Thank You...This Really Helps
Submitted by kellyj on
You just summed up the stage that I am finding myself in the process of improving my own relationship. This really helped me to access my own situation. Our therapist has said as much in his own way but not specifically directed to my ADHD. It is the only complaint I have sometimes with him in that sometimes, it would be really useful to know the specifics related to my ADHD issues and being in a relationship with someone else in an effort to pin things down. Your comments in this post really helped me to do this and know I can already see how it will be useful as it relates to myself. Thanks.
Hi defeated UK
Submitted by c ur self on
You almost just wrote the story of my life...my first wife of 30 years passed away w/breast cancer and it was then I met and married my present wife for a lot of the same reason's you stated. She has add, which I knew, but i had no clue of how that would play out day to day. She was 46 and had never been married...I really do not know what will help you, but I have been through a lot, the fighting for survival, the bitterness, the anger...11 months of separation, 10 months of counseling...And now trying to educate myself on add/adhd and learn how I must live with her so that we can have a peaceful home and relationship...I will share this one thing now, i believe you will find that to avoid chaos, you will need barrier's that must be respected by both of you to have the normality you are so looking for...We have some, I can elaborate if you would like? Any questions you have I will do my best to share my experience's...as others will :) keep your chin up...
Really Good Point
Submitted by kellyj on
I find that I can be a bull dozer with some people and not with others in term of boundaries so it becomes difficult to know what boundaries to respect with who? I smiled at your choice of words..barriers. ... that would be appropriate with a bull dozer. I really need my spouse to spell things out to me in clear language and not make assumptions that I somehow can know what her boundaries are in the first place.......in certain areas since her gage for high is my gage set on low.
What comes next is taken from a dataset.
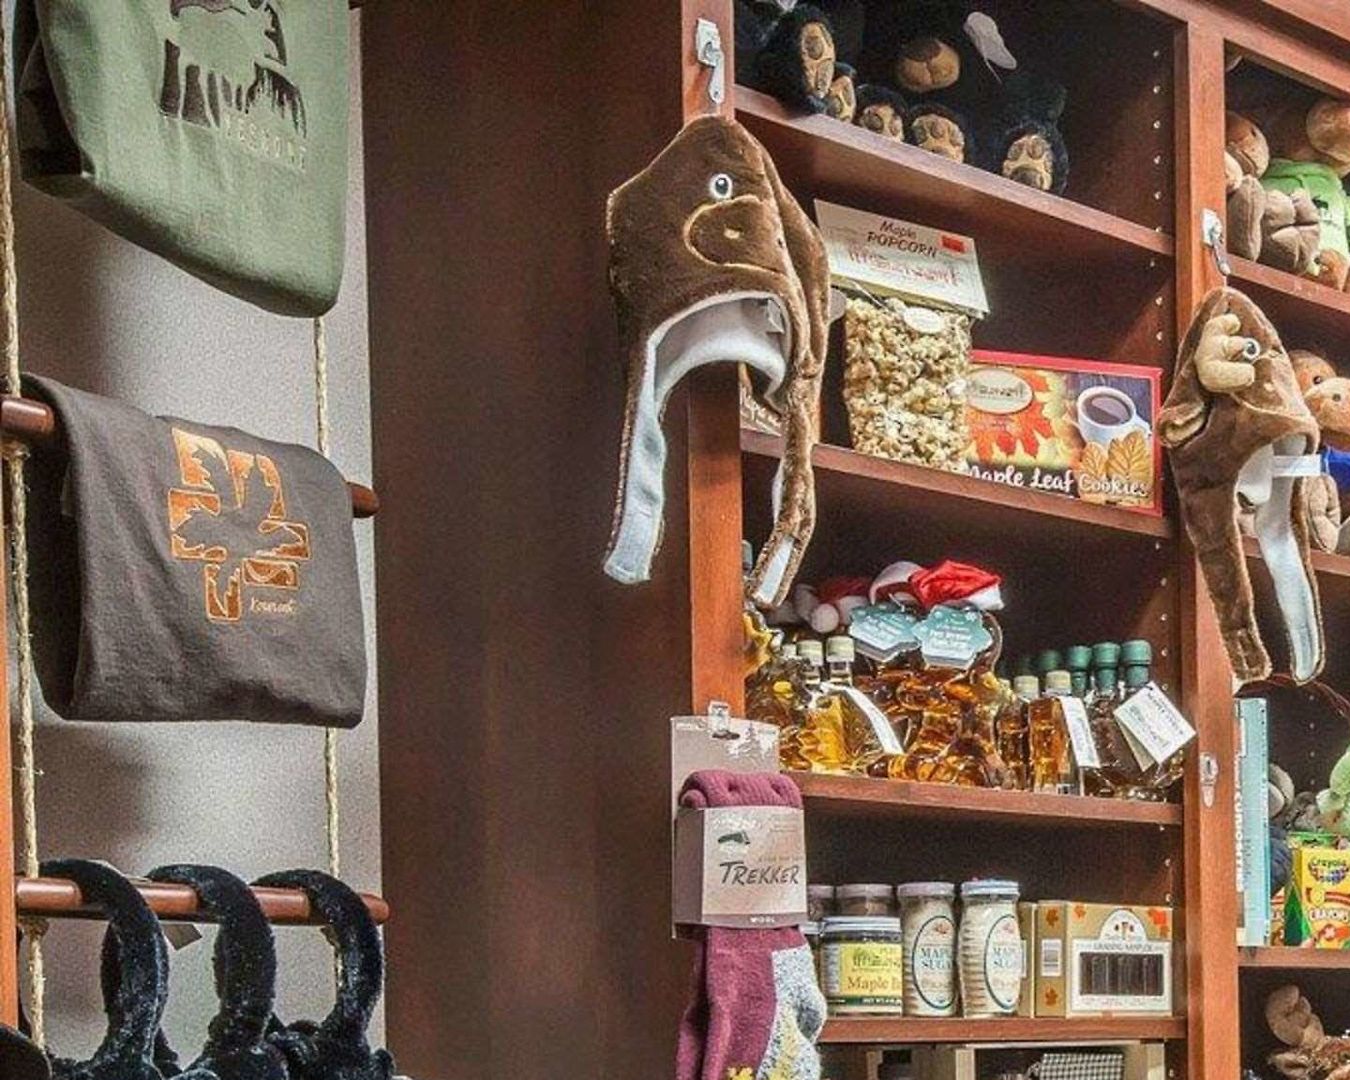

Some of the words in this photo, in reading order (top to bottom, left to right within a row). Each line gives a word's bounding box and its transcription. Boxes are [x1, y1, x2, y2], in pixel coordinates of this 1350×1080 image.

I say this realizing that I am the one with the broken gage which is why this is so important in respect for both people.
That's funny!
Submitted by c ur self on
I really should do a better job of proof reading :) I should have said boundaries...I don't want to clutter up my marriage w/ rules, but it was chaos in the beginning because we are so different...I had to set a few boundaries with her like going somewhere on time...She will just pop in church when it's half over without a thought so in the beginning she would try to put a guilt trip on me like hey aren't you going to wait on me? So, I just set her down and said, If I'm going to church, work are anywhere else with a start time...I'm going on time or early...So, it was odd for a while, but, now I just stick a bible in the seat next to me if she show's fine if not fine...And another boundary is cleaning...She leaves most stuff where ever she drags it out, and can't throw anything away...so the house wasn't nothing but a big mess storage unit..So, I cleaned it and told her I would always live in a house that is at least picked up and available for our children, and grandchildren to visit and have a bed...I told her you can share in it or not...but that was how i was living. So i do about 90 percent of the cleaning and that's fine...I can live with it...Everybody is different, and these two boundaries may not be necessary for others.